The final list of FASTA properties was reduced to 11. To speed up sales and maximize returns, the board recommended that the General Services Administration hire a brokerage firm to sell the remaining properties together. The board felt that a portfolio sale would attract “the biggest and best potential buyers,” said D. Talmage Hocker, board member, founder and managing director of a real estate company in Louisville, Ky.

“We’re supposed to make money,” said Angela Styles, board member and former head of the Bureau of Management and Budget.

But after hiring a brokerage firm, the administration turned the tide, deciding to sell the properties themselves, one by one, on their auction website – the same place they dump used forklifts, the office furniture, railroad spikes and combat boots.

Last year, the General Services Administration sold 59 properties on the auction website for a total of $ 52.59 million, but that’s a fraction of what was envisioned for FASTA properties.

“The GSA has determined that offering properties on the basis of a sale of individual assets, rather than a bundled portfolio sale, is the best solution,” said Christina Wilkes, spokesperson for the agency.

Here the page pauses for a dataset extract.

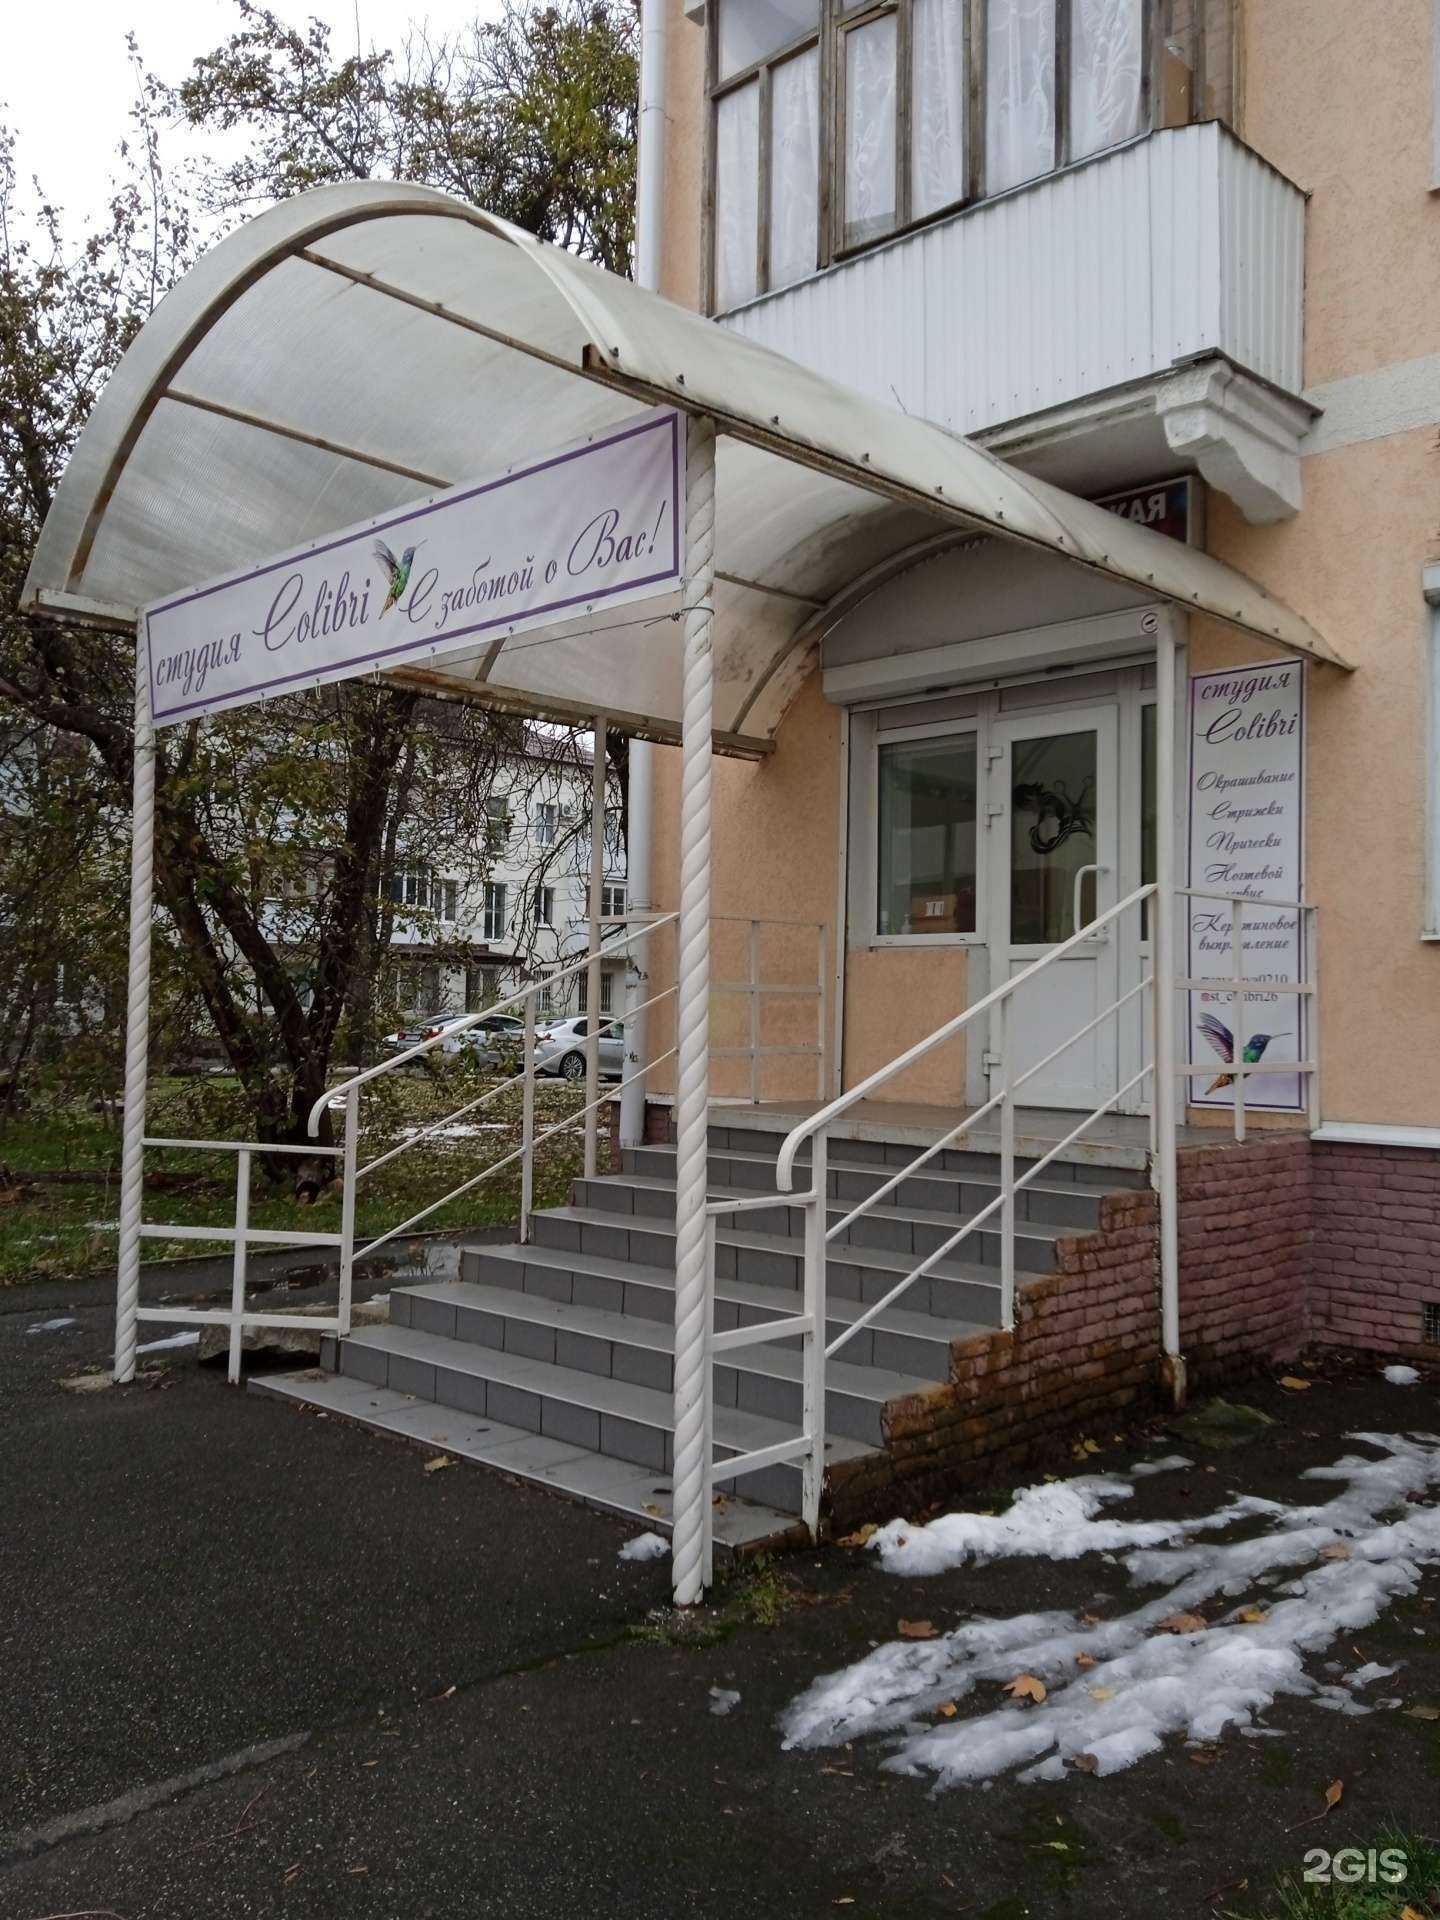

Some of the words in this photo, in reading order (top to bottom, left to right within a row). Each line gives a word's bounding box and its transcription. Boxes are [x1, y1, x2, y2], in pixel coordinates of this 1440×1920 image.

But so far, only eight of the FASTA properties have been auctioned; among these, a parking lot in Idaho Falls, Idaho, was sold for $ 268,000.

“The proof is in the pudding,” said David L. Winstead, board member and former head of General Service Administration. “It took longer to make these sales, and we look forward to making them and funding them from the public asset fund. “

As profits pour in, the board of directors prepares its next list of properties, due in December, with some changes in the way it does business. In response to criticism from the Government Accountability Office, the Board of Directors expanded the documentation. After the Seattle property debacle, members are doing more outreach with government officials in whose districts the potential sites are located.

“We have learned a lesson,” Ms. Styles said. “Communication is absolutely essential. “

Despite their initial struggles, board members remain optimistic about their mission, which includes making recommendations on consolidating the agency’s operations – potentially freeing more buildings for sale – and making voice heard. their voice.

The council has until 2025 to make its mark.